Issue 475 October 4, 2004

Toll Policy Change Would Help MTA Raise Money

Community Consulting Services this week called for elimination of the 50-cent discount for E-ZPass users at the MTA’s bridges and tunnels, arguing that the change would raise far more revenue for the agency than the $1 monthly E-ZPass user fee proposed in the 2005 MTA budget. The organization said eliminating the discount would raise $105 million annually versus $7 million from the new fee, and that the discount is an unneeded remnant of E-ZPass’ introduction some ten years ago.

Currently, MTA tolls are $3.50 for drivers with E-ZPass, $4 without. The agency has proposed raising tolls 50 cents, implementing the $1 monthly fee, cutting transit service and increasing subway, bus, and commuter rail fares in order to pay for a $436 million 2005 budget gap.

Before the fare and toll increases in 2003, Komanoff Energy Associates and the Tri-State Campaign released a report showing the MTA could offer drivers congestion-busting off-peak toll discounts without sacrificing revenue from the toll increase. The MTA ignored the report, implementing the usual flat increase that gave drivers nothing but higher prices.
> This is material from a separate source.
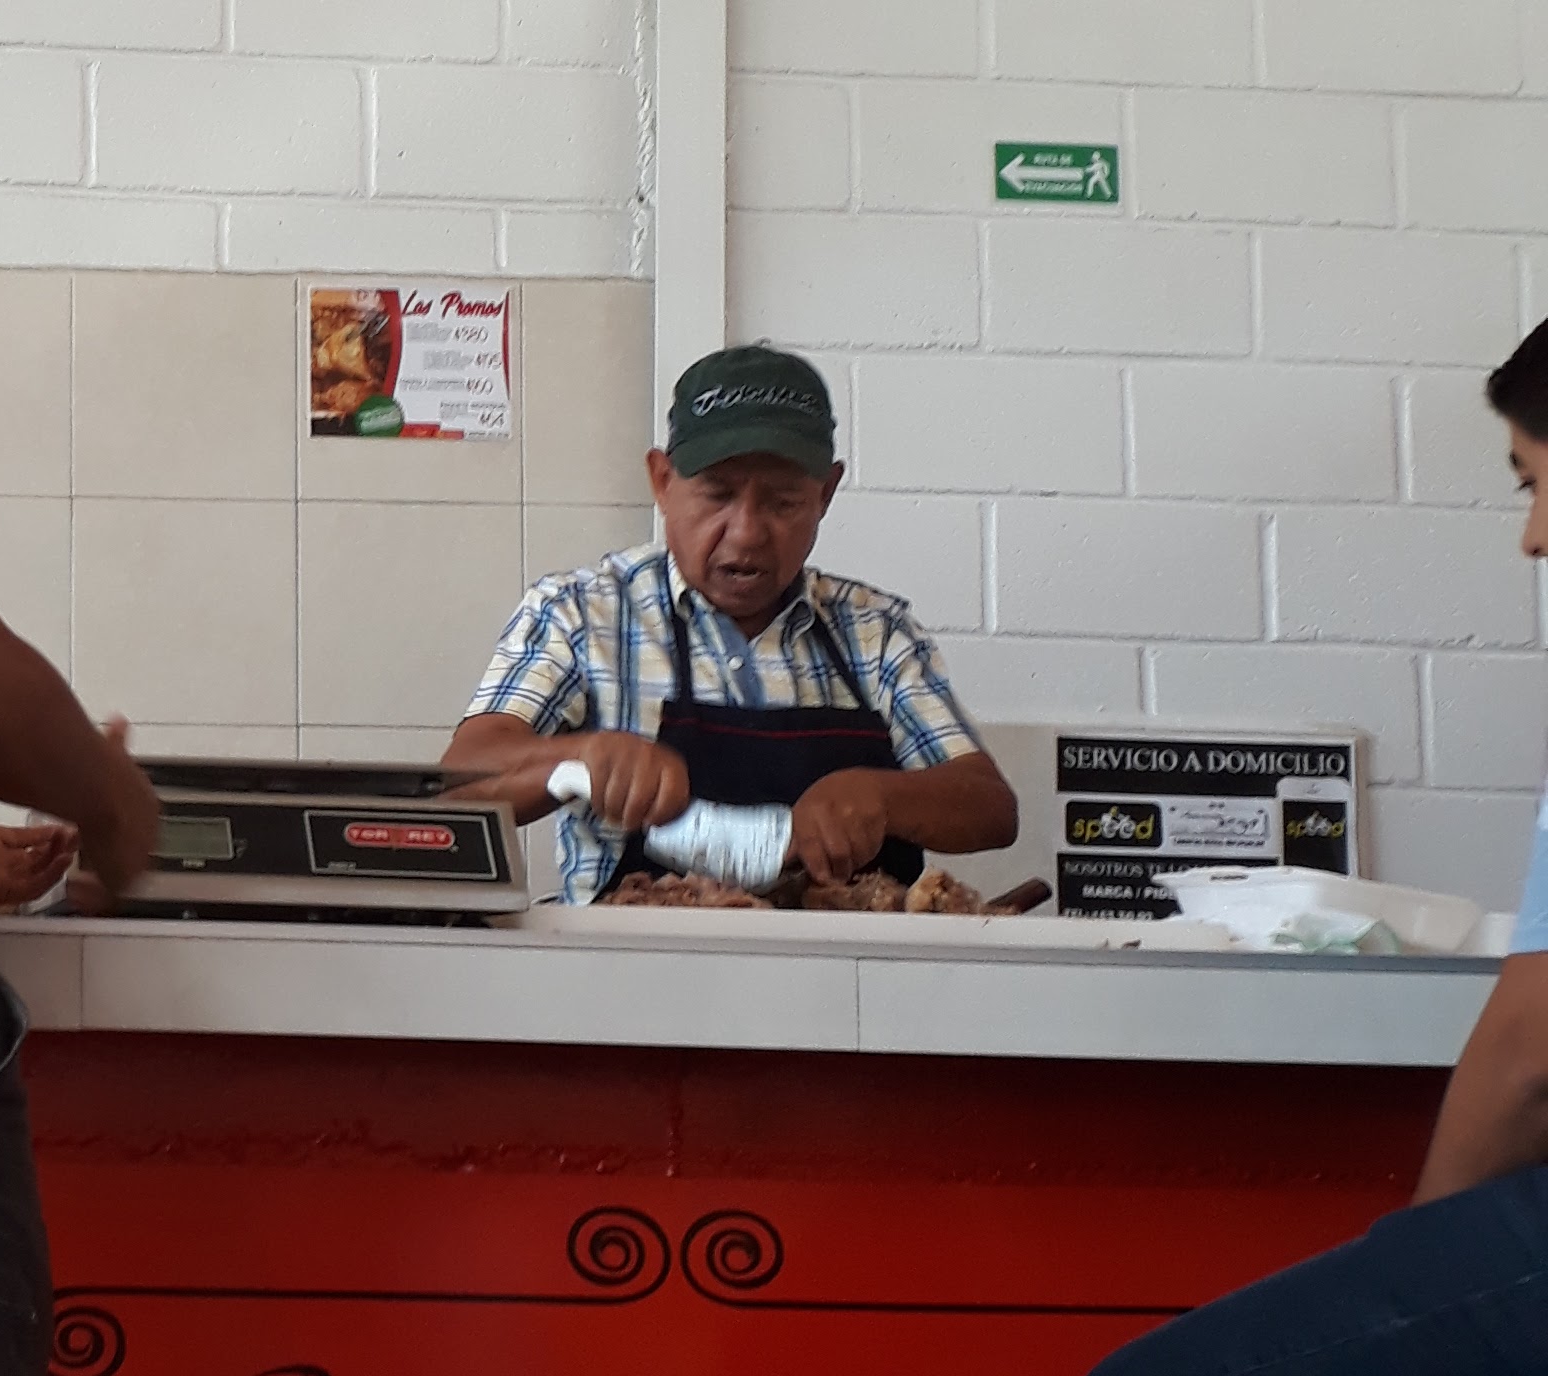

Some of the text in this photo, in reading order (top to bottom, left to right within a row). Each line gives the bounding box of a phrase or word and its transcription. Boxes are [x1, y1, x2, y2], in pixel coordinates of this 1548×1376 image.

[441, 290, 502, 321] Promos
[1063, 746, 1345, 776] SERVICIO A DOMICILIO
The Komanoff report looked closely at hiking rush-hour tolls to $5, while keeping off-peak rates at $3.50. It estimated that this schedule would raise the same amount as the MTA’s flat $4 price — about $100 million in additional toll revenue per year. However, it found that the variable tolls would reduce rush-hour round trips by 1-2 minutes, which, aggregated over the millions of annual peak trips, could be worth as much as $36 million annually.